Зал был захвачен необычной беседой, длившейся бо­лее двух часов.
Покидая клуб, Кабалевский мимоходом заглянул в танцевальный зал. Он не мог бы четко объяснить, почему его потянуло еще раз взглянуть на своих слушателей, что он хотел прочесть на лицах - тронул ли молодежь раз­говор о музыке и сможет ли она так быстро перейти от одного настроения к другому?
Едва он показался на пороге, как тут же был «взят в плен».
- Дмитрий Борисович, теперь бы надо провести пресс-конференцию.
- Какую пресс-конференцию? - не понял Кабалев­ский.
- А как же, после доклада полагается. Есть вопросы.
- Значит, сорвать вам танцы?
- Ничего, потанцуем в следующий раз.
И танцы действительно не состоялись.
Молодежь столпилась около композитора, посыпались вопросы: «Каково состояние советской оперы?», «Кто та­кие авангардисты?»
Прощаясь с Кабалевским уже поздно вечером, орга­низатор вечера задумчиво сказал:
- Видно, мы здесь чего-то недоучитываем. Как они вас слушали! Какую тягу к серьезной музыке проявили. Наверное, так и нужно говорить с людьми об искусстве - по-настоящему, без скидок.
- Он был прав, - говорит Дмитрий Борисович, вспо­миная свое посещение клуба в Севастополе. - Мы порою не знаем тех глубинных процессов, которые происхо­дят в среде нашей молодежи, не предполагаем, насколько серьезны духовные запросы людей. Что греха таить, боимся, что нас не поймут.
Я сижу в кабинете композитора. Разводя большими руками, Дмитрий Борисович ходит взад-вперед в узком пространстве между софой и роялем - на них ноты, кипы газет и журналов.
- Мне много раз приходилось выступать перед моло­дежью. И всюду слушали рассказ о серьезной музыке и саму музыку с необычайным вниманием. Помню, приехал в Березники. Была предвыборная кампания. Я баллоти­ровался в Верховный Совет СССР. Встречает секретарь горкома и говорит: «Придется немного планы изменить. Школьники просят, чтобы вы рассказали им о музы­ке». А программа плотная. Но как откажешь? Надо ехать.
А однажды возле дачи два солдата остановили, щелк­нули каблуками: «Товарищ Кабалевский, разрешите обратиться?» И сразу: «Как вы относитесь к джазу?» Пол­тора часа о джазе говорили.

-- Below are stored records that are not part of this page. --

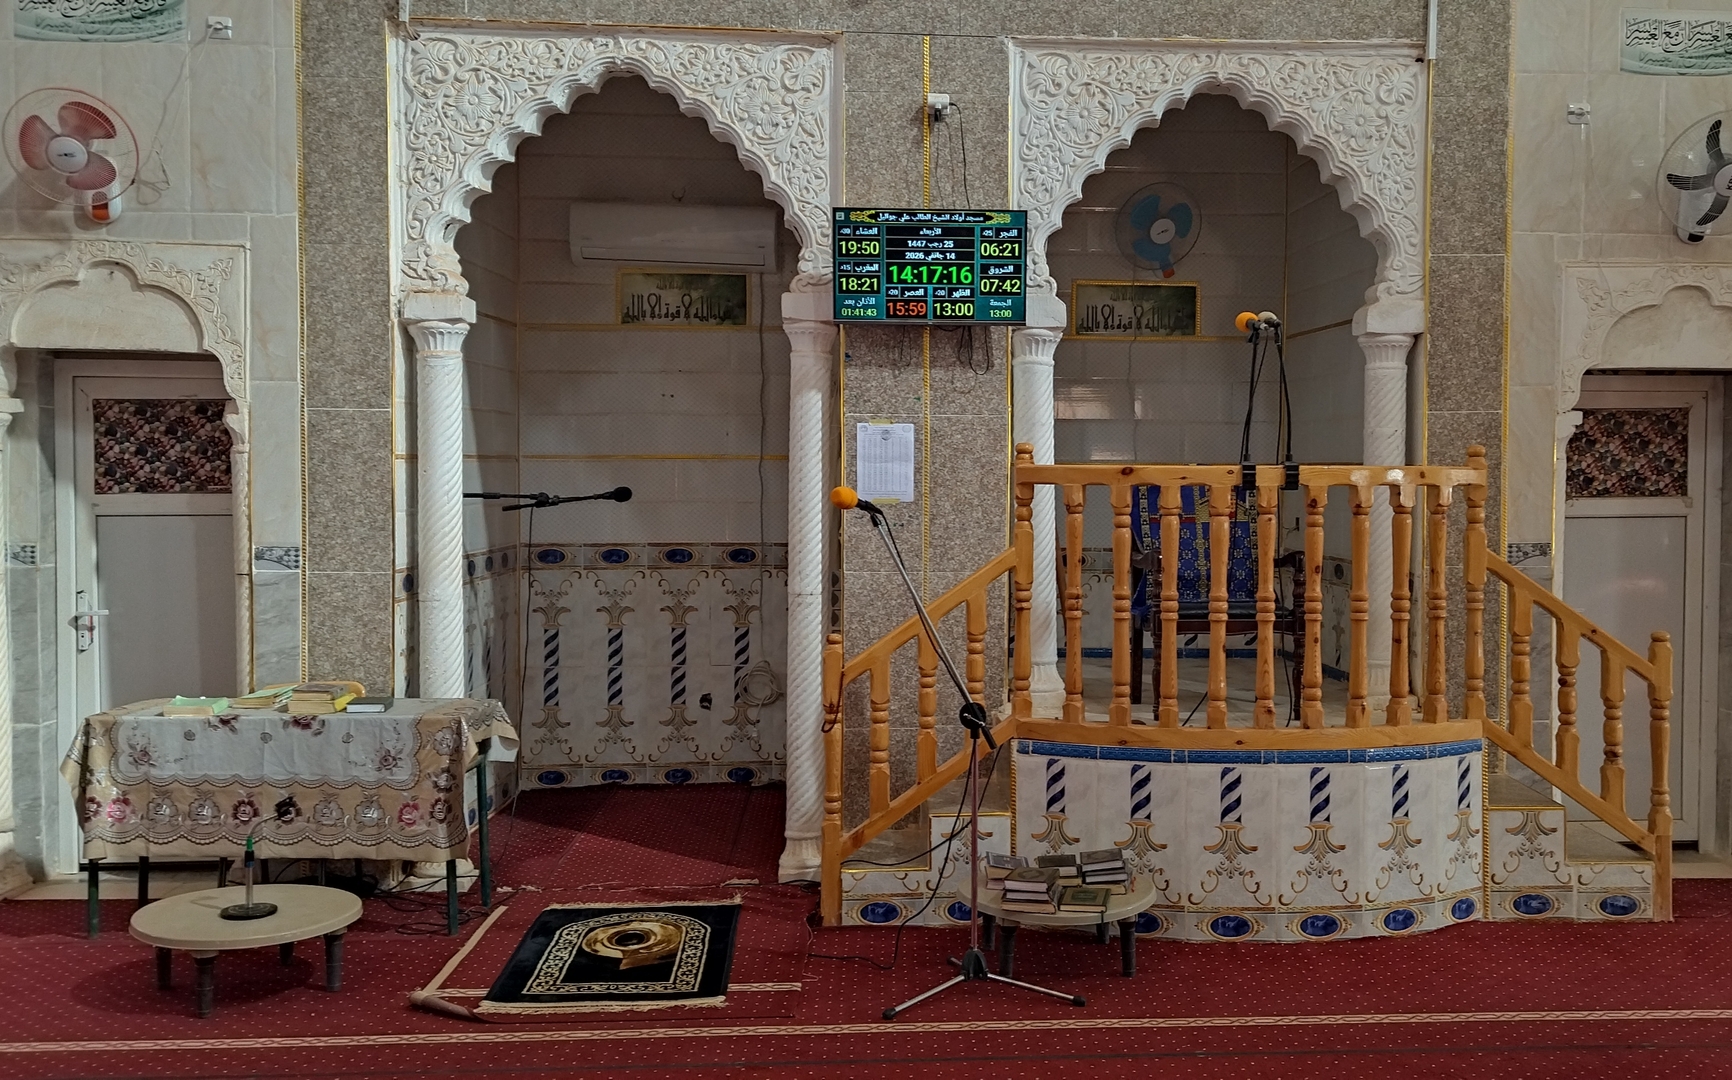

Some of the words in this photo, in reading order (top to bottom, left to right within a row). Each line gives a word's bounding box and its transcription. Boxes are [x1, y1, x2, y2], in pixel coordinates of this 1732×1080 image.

[911, 213, 931, 222] الطالب
[932, 213, 950, 223] الشيخ
[951, 212, 965, 222] أولاد
[966, 214, 984, 222] مسجد
[855, 227, 878, 235] العشاء
[919, 227, 942, 236] الأربعاء
[998, 229, 1018, 238] الفجر
[839, 241, 880, 255] 19:50
[927, 241, 943, 249] رجب
[943, 240, 954, 248] 25
[980, 243, 1019, 256] 06:21
[925, 252, 944, 261] جانفي
[945, 252, 956, 260] 14
[854, 263, 879, 272] المغرب
[988, 265, 1014, 275] الشروق
[889, 265, 972, 284] 14:17:16
[839, 277, 878, 291] 18:21
[980, 279, 1020, 292] 07:42
[903, 288, 924, 297] العصر
[951, 289, 971, 298] الظهر
[843, 298, 856, 306] بعد
[989, 299, 1012, 308] الجمعة
[841, 308, 877, 316] 01:41:43
[887, 302, 927, 316] 15:59
[933, 302, 974, 316] 13:00
[989, 309, 1012, 318] 13:00

Я смотрю на рабочий стол композитора, заваленный письмами любителей музыки, и пытаюсь объяснить себе все, что услышал и увидел здесь. Как соединить в одно: необыкновенную занятость Дмитрия Борисовича своими делами и необычайную доступность, что ли, чуткость ко всякому человеку, который обращается к нему с вопроса­ми о музыке. Вопросов этих бездна, и большинство их в компетенции любого рядового музыканта. Но секретарь Союза композиторов СССР, действительный член Акаде­мии педагогических наук, профессор консерватории, по­четный президент Интернационального общества по му­зыкальному воспитанию (ИСМЕ), композитор, постоянно погруженный в творческую работу и концертирующий как исполнитель и дирижер своих произведений по на­шей стране и за рубежом, - этот бесконечно загружен­ный человек не только находит время ответить на все письма, но и завязывает большую, длящуюся годами переписку с любителями музыки - школьниками, рабо­чими, военнослужащими.